In 2021, Myriad established its first laboratory partnership with the Institute of Pathology at the Universitätsklinikum Marburg in Germany. Myriad plans to continue growing its laboratory partnership program into more countries, and is currently validating a fourth lab in Copenhagen, Denmark.
About Myriad Genetics
Myriad Genetics is a leading genetic testing and precision medicine company dedicated to advancing health and well-being for all. Myriad develops and offers genetic tests that help assess the risk of developing disease or disease progression and guide treatment decisions across medical specialties where genetic insights can significantly improve patient care and lower healthcare costs. Fast Company named Myriad among the World’s Most Innovative Companies for 2022. For more information, visit www.myriad.com.

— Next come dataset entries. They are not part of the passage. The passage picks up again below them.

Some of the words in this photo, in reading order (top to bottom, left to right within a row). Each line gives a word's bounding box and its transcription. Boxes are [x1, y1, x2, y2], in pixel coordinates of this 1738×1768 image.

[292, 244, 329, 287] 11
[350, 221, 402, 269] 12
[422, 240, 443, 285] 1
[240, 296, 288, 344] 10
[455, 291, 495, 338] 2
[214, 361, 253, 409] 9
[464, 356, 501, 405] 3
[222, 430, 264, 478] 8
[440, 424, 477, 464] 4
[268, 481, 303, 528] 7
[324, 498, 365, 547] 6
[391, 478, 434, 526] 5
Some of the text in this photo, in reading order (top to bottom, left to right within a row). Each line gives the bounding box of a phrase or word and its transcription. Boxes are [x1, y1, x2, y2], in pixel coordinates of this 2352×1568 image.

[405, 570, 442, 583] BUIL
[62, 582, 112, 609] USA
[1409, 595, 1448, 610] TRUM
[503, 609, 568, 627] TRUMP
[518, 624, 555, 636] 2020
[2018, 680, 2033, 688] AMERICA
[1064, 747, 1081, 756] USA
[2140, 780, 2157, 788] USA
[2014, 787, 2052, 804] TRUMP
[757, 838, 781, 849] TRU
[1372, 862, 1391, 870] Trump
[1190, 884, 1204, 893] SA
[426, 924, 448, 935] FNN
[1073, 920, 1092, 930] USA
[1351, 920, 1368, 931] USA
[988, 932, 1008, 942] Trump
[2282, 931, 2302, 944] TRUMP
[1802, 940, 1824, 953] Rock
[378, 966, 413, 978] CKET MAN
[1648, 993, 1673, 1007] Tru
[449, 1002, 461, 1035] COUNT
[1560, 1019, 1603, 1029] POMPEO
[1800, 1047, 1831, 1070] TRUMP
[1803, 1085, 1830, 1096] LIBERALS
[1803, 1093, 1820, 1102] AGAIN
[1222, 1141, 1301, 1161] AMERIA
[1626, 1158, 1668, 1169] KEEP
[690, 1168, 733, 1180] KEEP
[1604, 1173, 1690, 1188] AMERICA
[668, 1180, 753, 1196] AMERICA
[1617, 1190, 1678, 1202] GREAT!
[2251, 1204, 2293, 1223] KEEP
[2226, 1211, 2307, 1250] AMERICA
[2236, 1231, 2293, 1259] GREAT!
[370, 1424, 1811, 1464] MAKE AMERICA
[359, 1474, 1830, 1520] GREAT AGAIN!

Myriad, the Myriad logo, BRACAnalysis, BRACAnalysis CDx, Colaris, Colaris AP, MyRisk, Myriad MyRisk, MyRisk Hereditary Cancer, MyChoice CDx, Prequel, Prequel with Amplify, Amplify, Foresight, Precise, FirstGene, Health.Illuminated., RiskScore, Prolaris, GeneSight, and EndoPredict are trademarks or registered trademarks of Myriad Genetics, Inc. © 2022 Myriad Genetics, Inc. All rights reserved.
Safe Harbor Statement
This press release contains “forward-looking statements” within the meaning of the Private Securities Litigation Reform Act of 1995, including statements relating to the company’s partnership with HPH and CGFL to expand access to MyChoice CDx Plus testing, and the company’s plans to continue growing its laboratory partnership program into more countries, These “forward-looking statements” are management’s expectations of future events as of the date hereof and are subject to a number of known and unknown risks and uncertainties that could cause actual results, conditions, and events to differ materially and adversely from those anticipated. Such risks and uncertainties are described in the company’s filings with the U.S. Securities and Exchange Commission, including the company’s Annual Report on Form 10-K filed on February 25, 2022, as well as any updates to those risk factors filed from time to time in the company’s Quarterly Reports on Form 10-Q or Current Reports on Form 8-K. Myriad disclaims any obligation to publicly update any forward-looking statement, whether as a result of new information, future developments, or otherwise except as required by law.